With their first DBS product approved by the FDA in 1997, Medtronic is the longest-running manufacturer of DBS equipment. They offer both a non-rechargeable and a rechargeable battery that lasts up to 15 years. The new SenSight segmented leads allow the ability to steer the electrical activity towards a desired anatomic target to maximize the therapeutic benefit and reduce potential side effects. The Percept battery system provides the additional benefit of sensing surrounding brain activity from the DBS electrodes, which may help in programming. This is currently under investigation. Patients are given a patient programmer, which they can use to adjust their settings within a pre-set range. This system is MRI compatible with 1.5 and 3.0 T.

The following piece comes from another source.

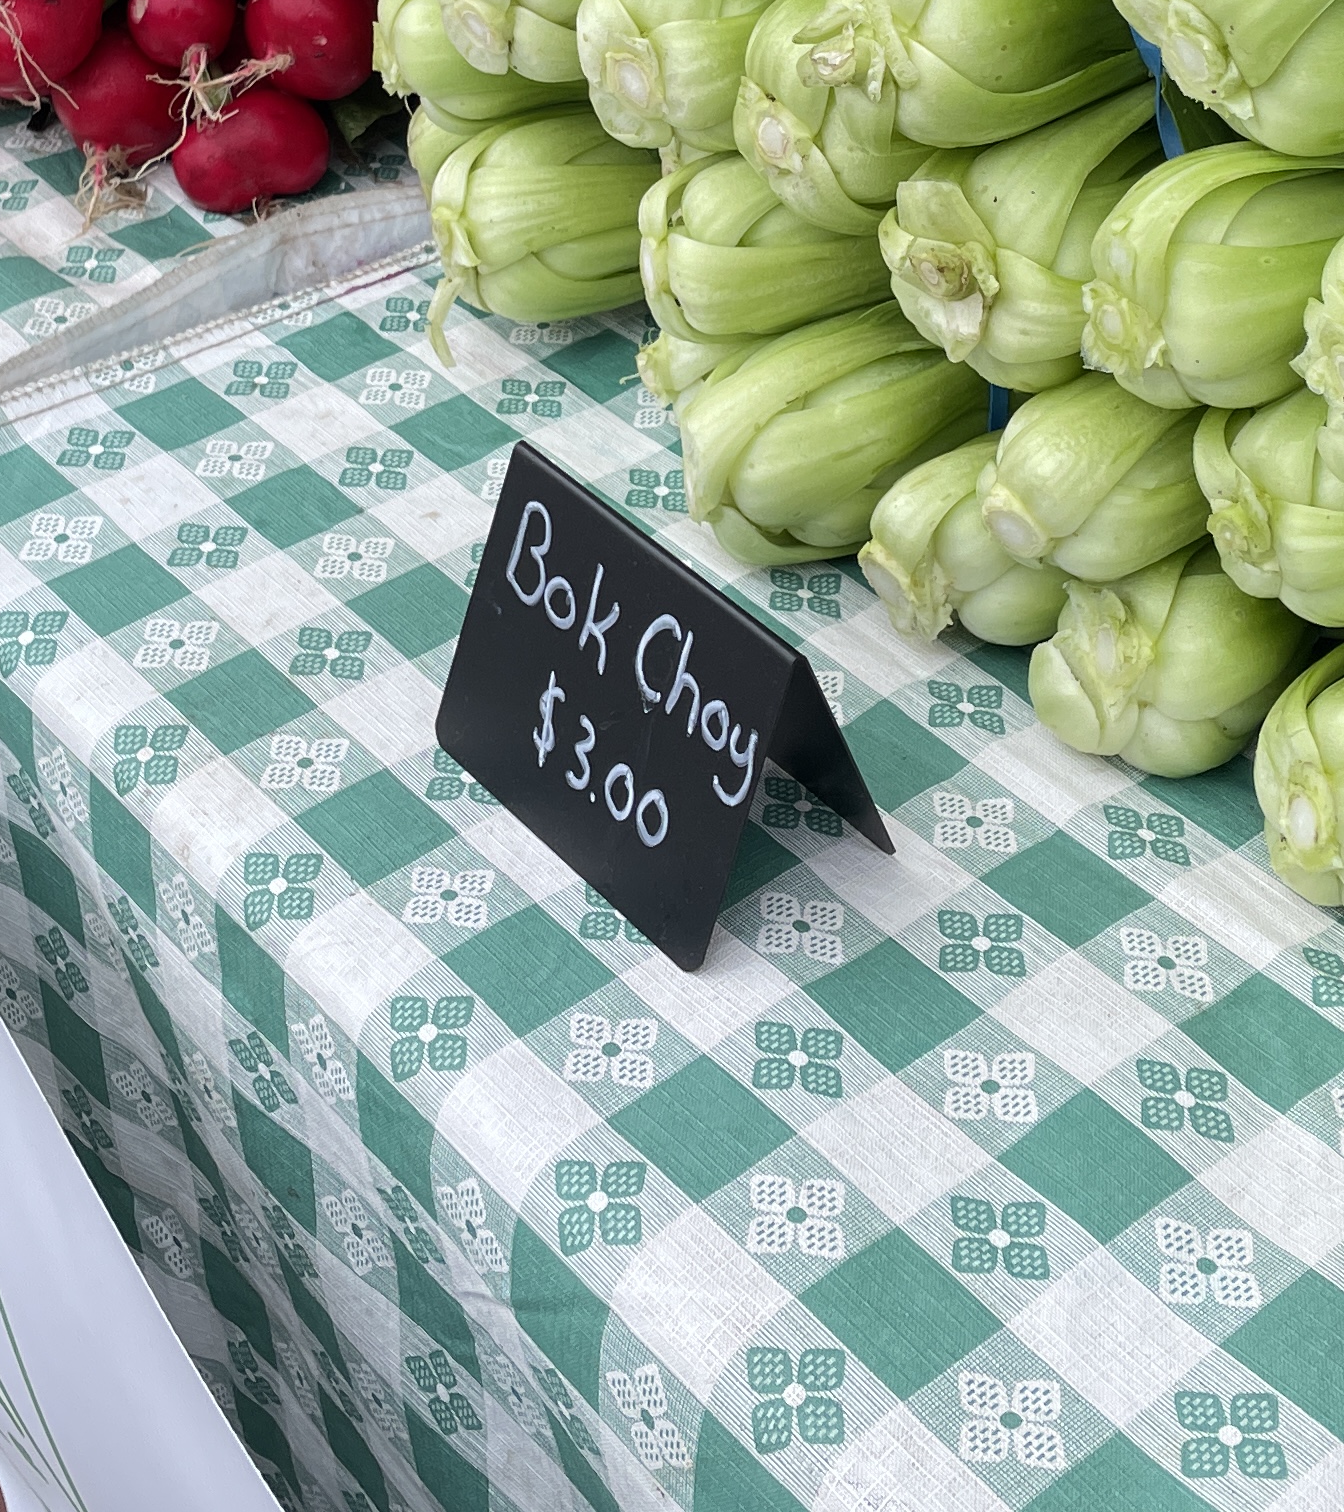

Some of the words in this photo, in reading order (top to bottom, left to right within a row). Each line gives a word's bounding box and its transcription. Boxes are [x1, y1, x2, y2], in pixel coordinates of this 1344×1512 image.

This DBS system also has segmented leads that allow the ability to steer the electrical activity towards a desired anatomic target to maximize the therapeutic benefit and reduce potential side effects. Multiple independent current control (MICC) provides a dedicated power source for each electrode to precisely control stimulation and refine the shape of the electric field. They offer both a non-rechargeable and a rechargeable battery that lasts up to 15 years. Patients are given a patient programmer, which they can use to adjust their settings within a pre-set range. This system is MRI compatible with 1.5 T.
Abbott (St. Jude Medical)
This DBS system also has segmented leads that allow the ability to steer the electrical activity towards a desired anatomic target to maximize the therapeutic benefit and reduce potential side effects. They offer only a non-rechargeable battery. Patients are given a patient programmer, which they can use to adjust their settings within a pre-set range. This system is MRI compatible with 1.5 T.
Dr. Faraji performing DBS surgery with the ROSA stereotactic robot system. The robotic arm aligns to pre-set trajectories to improve accuracy for brain mapping and for DBS electrode placement. Dr. Faraji was the primary author on the publication describing surgical technique, workflow optimization, and outcomes. ROSA DBS surgery is being adopted nationally and internationally following this publication.